### Problem requirements
Write out the records word for word, with no pictures.

### Image-backed grounding data

━━━━━━━━━━━━━━━━━━━━

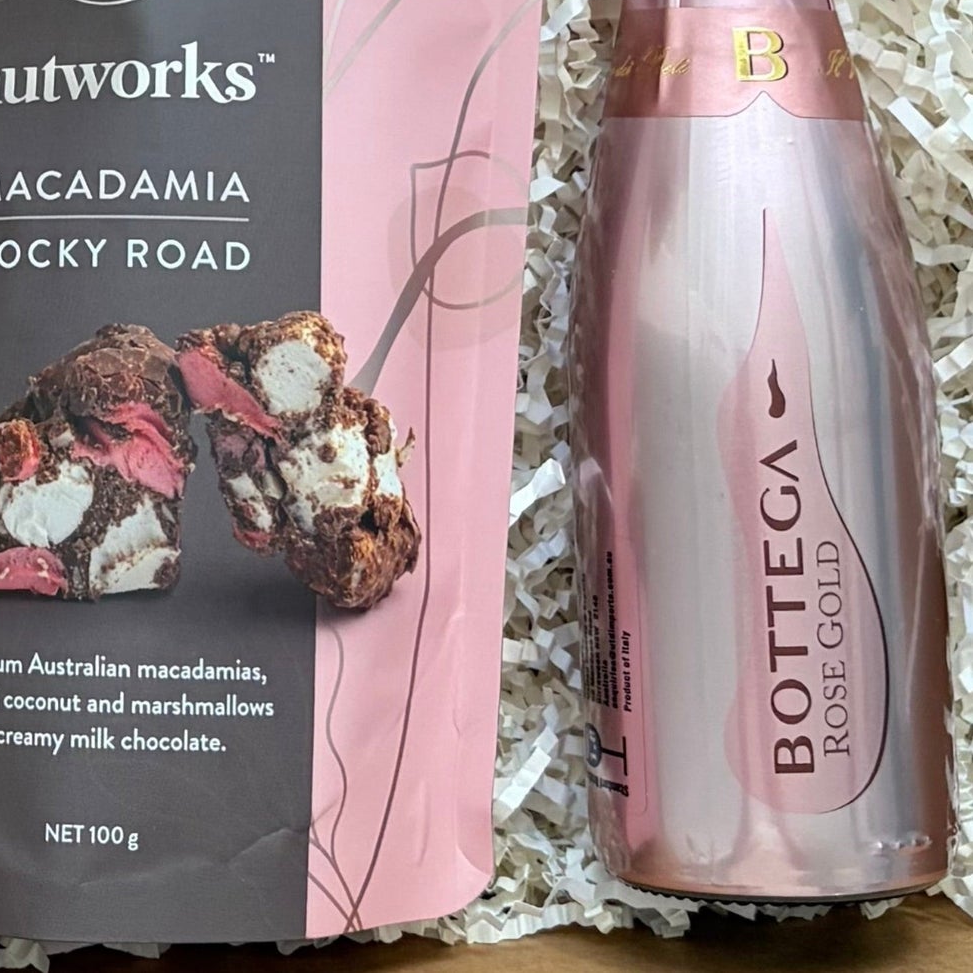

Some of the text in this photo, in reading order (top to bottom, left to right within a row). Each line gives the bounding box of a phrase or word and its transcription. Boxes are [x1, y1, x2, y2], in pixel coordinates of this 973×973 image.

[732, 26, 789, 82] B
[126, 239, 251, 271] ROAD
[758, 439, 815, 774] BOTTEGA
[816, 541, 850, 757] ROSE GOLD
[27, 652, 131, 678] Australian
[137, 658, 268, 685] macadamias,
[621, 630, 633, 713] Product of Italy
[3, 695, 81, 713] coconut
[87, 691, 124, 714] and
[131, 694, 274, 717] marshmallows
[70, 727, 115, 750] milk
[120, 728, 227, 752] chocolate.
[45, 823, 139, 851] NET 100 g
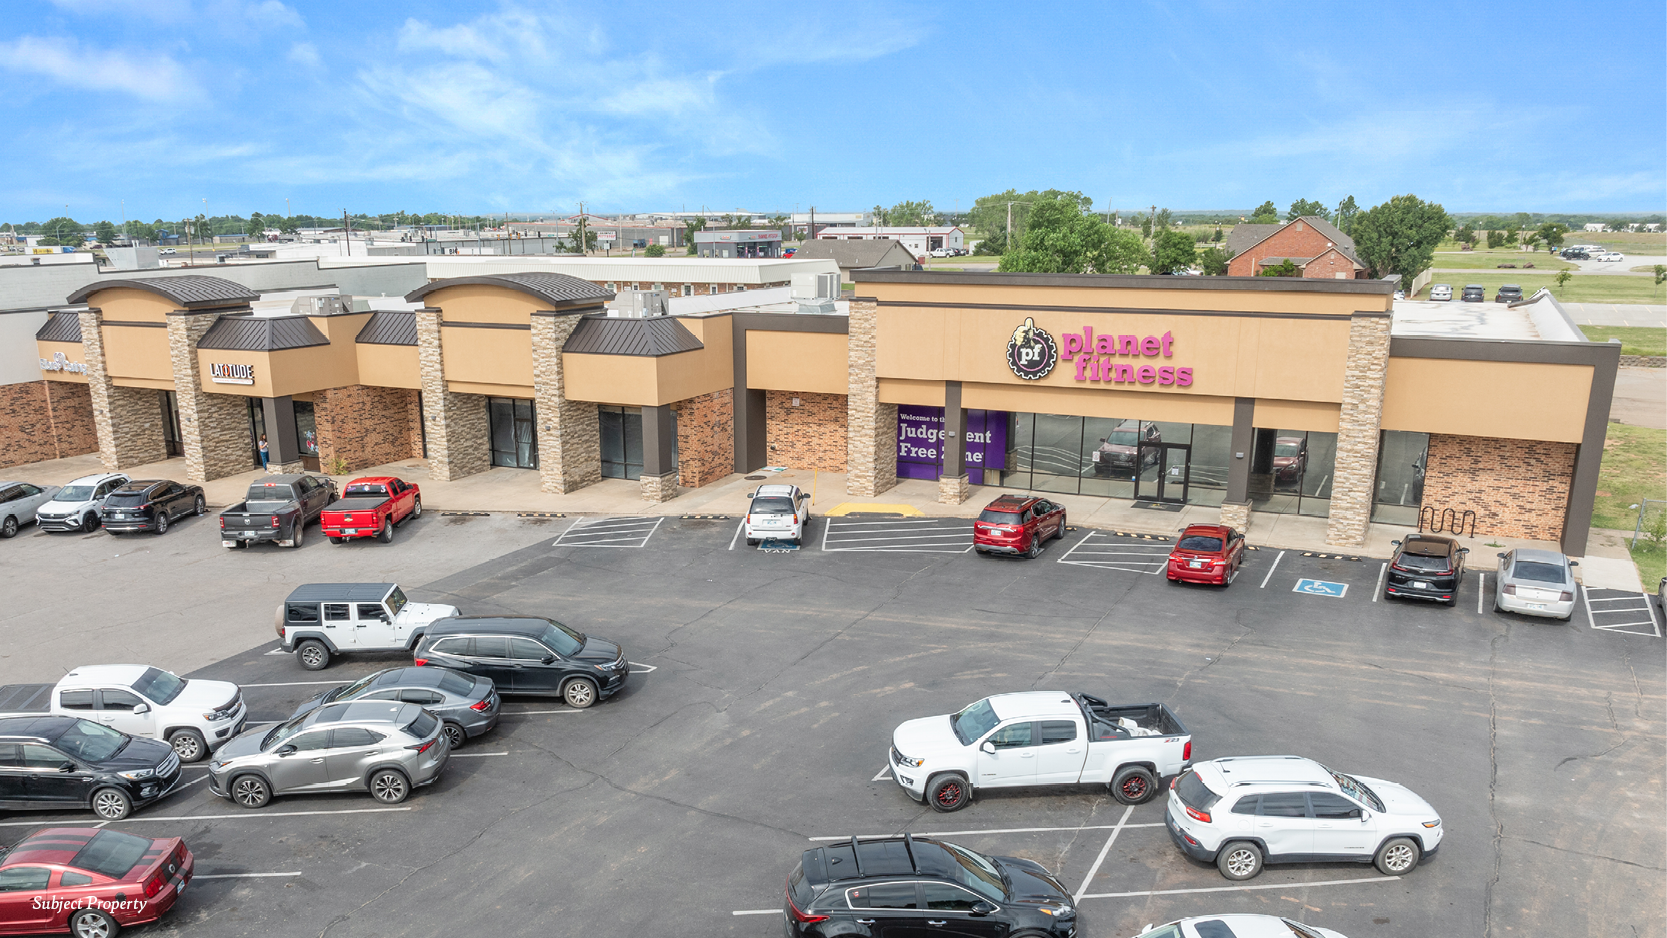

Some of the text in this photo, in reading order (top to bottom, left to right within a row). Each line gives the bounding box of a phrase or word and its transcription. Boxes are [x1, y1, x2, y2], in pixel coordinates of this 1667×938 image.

━━━━━━━━━━━━━━━━━━━━

### Exercise answer
Some of the text in this photo, in reading order (top to bottom, left to right within a row). Each line gives the bounding box of a phrase or word and its transcription. Boxes are [x1, y1, x2, y2], in pixel coordinates of this 973×973 image.

[732, 26, 789, 82] B
[126, 239, 251, 271] ROAD
[758, 439, 815, 774] BOTTEGA
[816, 541, 850, 757] ROSE GOLD
[27, 652, 131, 678] Australian
[137, 658, 268, 685] macadamias,
[621, 630, 633, 713] Product of Italy
[3, 695, 81, 713] coconut
[87, 691, 124, 714] and
[131, 694, 274, 717] marshmallows
[70, 727, 115, 750] milk
[120, 728, 227, 752] chocolate.
[45, 823, 139, 851] NET 100 g

Some of the text in this photo, in reading order (top to bottom, left to right within a row). Each line gives the bounding box of a phrase or word and its transcription. Boxes are [x1, y1, x2, y2], in pixel coordinates of this 1667×938 image.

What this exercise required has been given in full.